Ivanov Sergey M, Lagunin Alexey A, Pogodin Pavel V, Filimonov Dmitry A, Poroikov Vladimir V
Orekhovich Institute of Biomedical Chemistry of Russian Academy of Medical Sciences, 10, Pogodinskaya str., 119121 Moscow, Russia.
Chem Res Toxicol. 2014 Jul 21;27(7):1263-81. doi: 10.1021/tx500147d. Epub 2014 Jun 18.
Drug-induced myocardial infarction (DIMI) is one of the most serious adverse drug effects that often lead to death. Therefore, the identification of DIMI at the early stages of drug development is essential. For this purpose, the in vitro testing and in silico prediction of interactions between drug-like substances and various off-target proteins associated with serious adverse drug reactions are performed. However, only a few DIMI-related protein targets are currently known. We developed a novel in silico approach for the identification of DIMI-related protein targets. This approach is based on the computational prediction of drug-target interaction profiles based on information from approximately 1738 human targets and 828 drugs, including 254 drugs that cause myocardial infarction. Through a statistical analysis, we revealed the 155 most significant associations between protein targets and DIMI. Because not all of the identified associations may lead to DIMI, an analysis of the biological functions of these proteins was performed. The Random Walk with Restart algorithm based on a functional linkage gene network was used to prioritize the revealed DIMI-related protein targets according to the functional similarity between their genes and known genes associated with myocardial infarction. The biological processes associated with the 155 selected protein targets were determined by gene ontology and pathway enrichment analysis. This analysis indicated that most of the processes leading to DIMI are associated with atherosclerosis. The revealed proteins were manually annotated with biological processes using functional and disease-related data extracted from the literature. Finally, the 155 protein targets were classified into three categories of confidence: (1) high (the protein targets are known to be involved in DIMI via atherosclerotic progression; 50 targets), (2) medium (the proteins are known to participate in biological processes related with DIMI; 65 targets), and (3) low (the proteins are indirectly involved in DIMI pathogenesis; 40 proteins).
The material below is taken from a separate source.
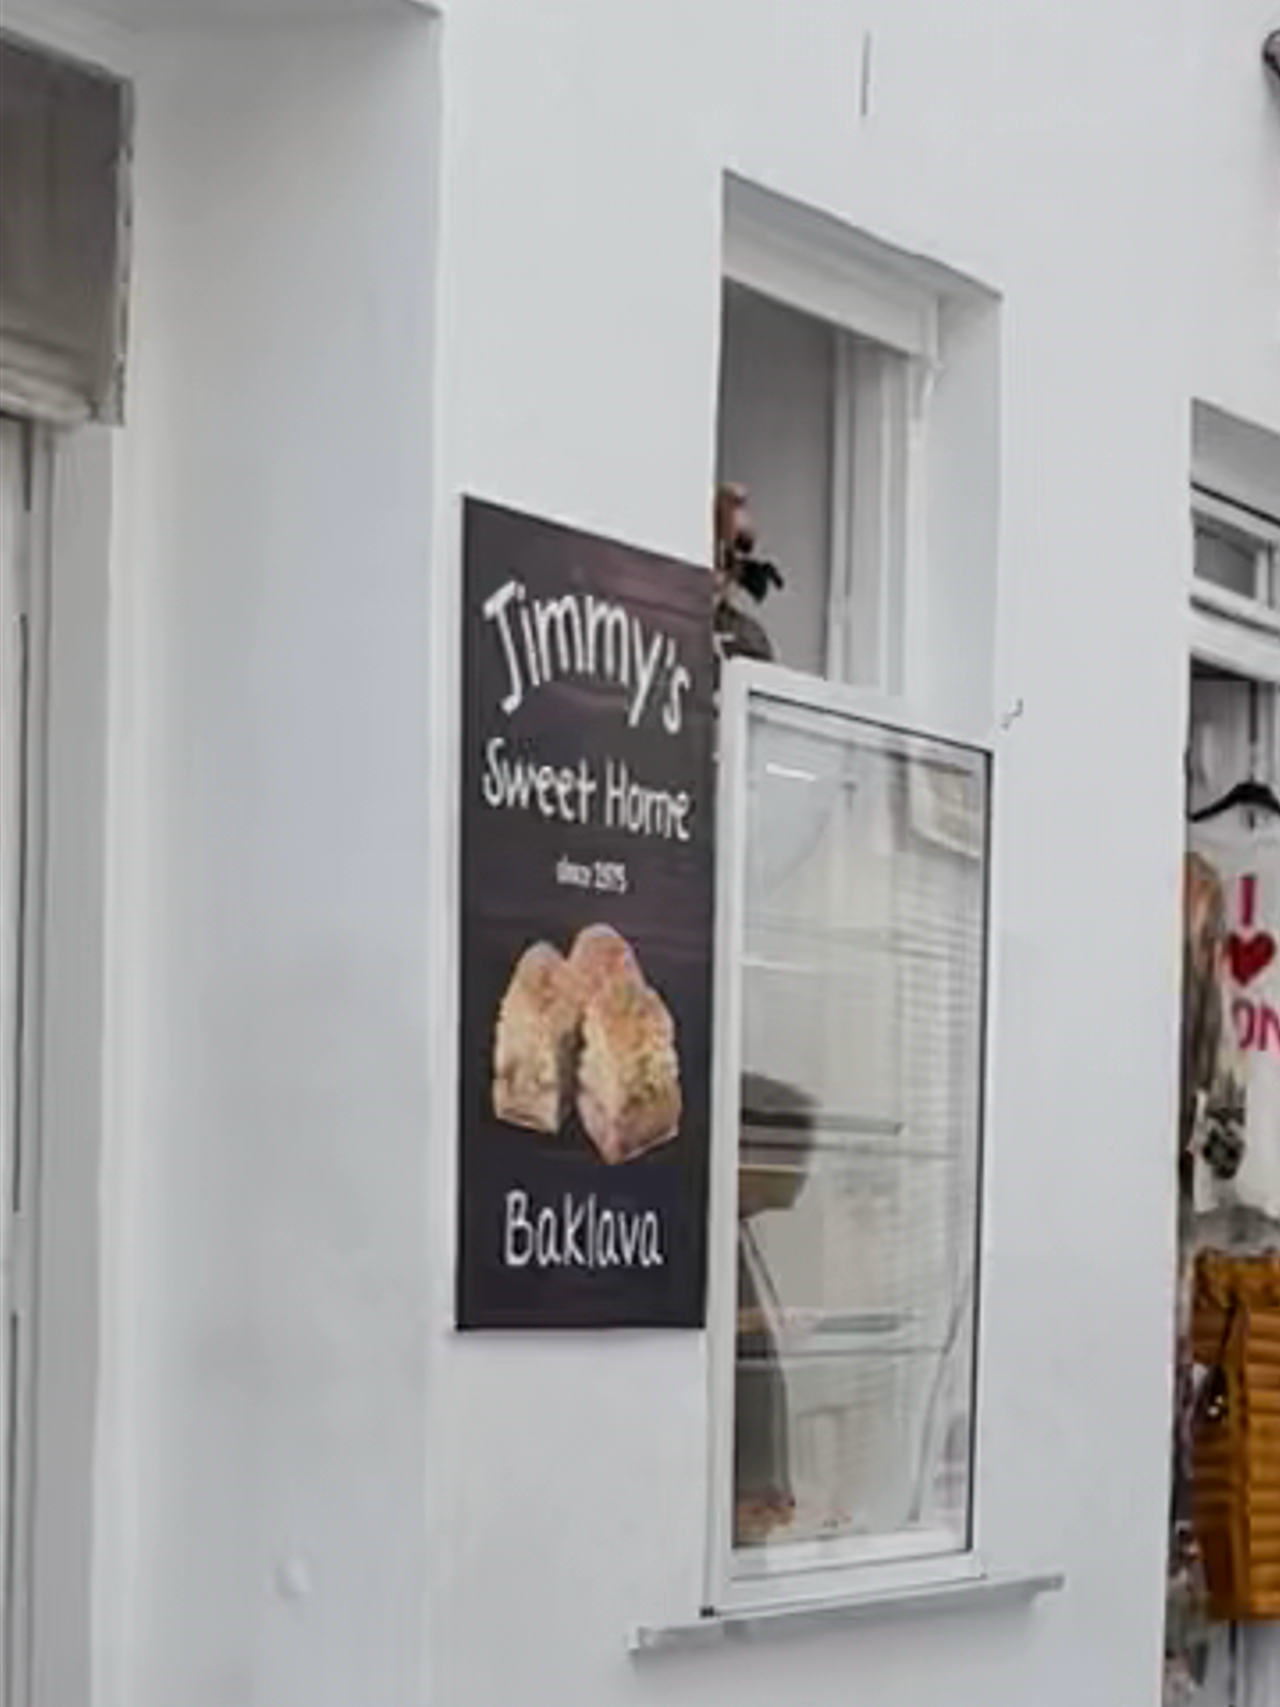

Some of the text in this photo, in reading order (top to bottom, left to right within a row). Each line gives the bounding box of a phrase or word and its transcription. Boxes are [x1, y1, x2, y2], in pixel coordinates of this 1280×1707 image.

药物性心肌梗死(DIMI)是最严重的药物不良反应之一,常导致死亡。因此,在药物研发早期识别DIMI至关重要。为此,需对类药物物质与各种与严重药物不良反应相关的脱靶蛋白之间的相互作用进行体外测试和计算机预测。然而,目前已知的与DIMI相关的蛋白质靶点很少。我们开发了一种新型的计算机方法来识别与DIMI相关的蛋白质靶点。该方法基于对约1738个人类靶点和828种药物(包括254种可导致心肌梗死的药物)信息的药物-靶点相互作用谱的计算预测。通过统计分析,我们揭示了蛋白质靶点与DIMI之间155个最显著的关联。由于并非所有已识别的关联都会导致DIMI,因此对这些蛋白质的生物学功能进行了分析。基于功能连接基因网络的重启随机游走算法用于根据与心肌梗死相关的已知基因与其基因之间的功能相似性,对所揭示的与DIMI相关的蛋白质靶点进行优先级排序。通过基因本体论和通路富集分析确定了与155个选定蛋白质靶点相关的生物学过程。该分析表明,导致DIMI的大多数过程都与动脉粥样硬化有关。利用从文献中提取的功能和疾病相关数据,对所揭示的蛋白质进行了生物学过程的人工注释。最后,将这155个蛋白质靶点分为三类可信度:(1)高(已知这些蛋白质靶点通过动脉粥样硬化进展参与DIMI;50个靶点),(2)中(已知这些蛋白质参与与DIMI相关的生物学过程;65个靶点),(3)低(这些蛋白质间接参与DIMI发病机制;40个蛋白质)。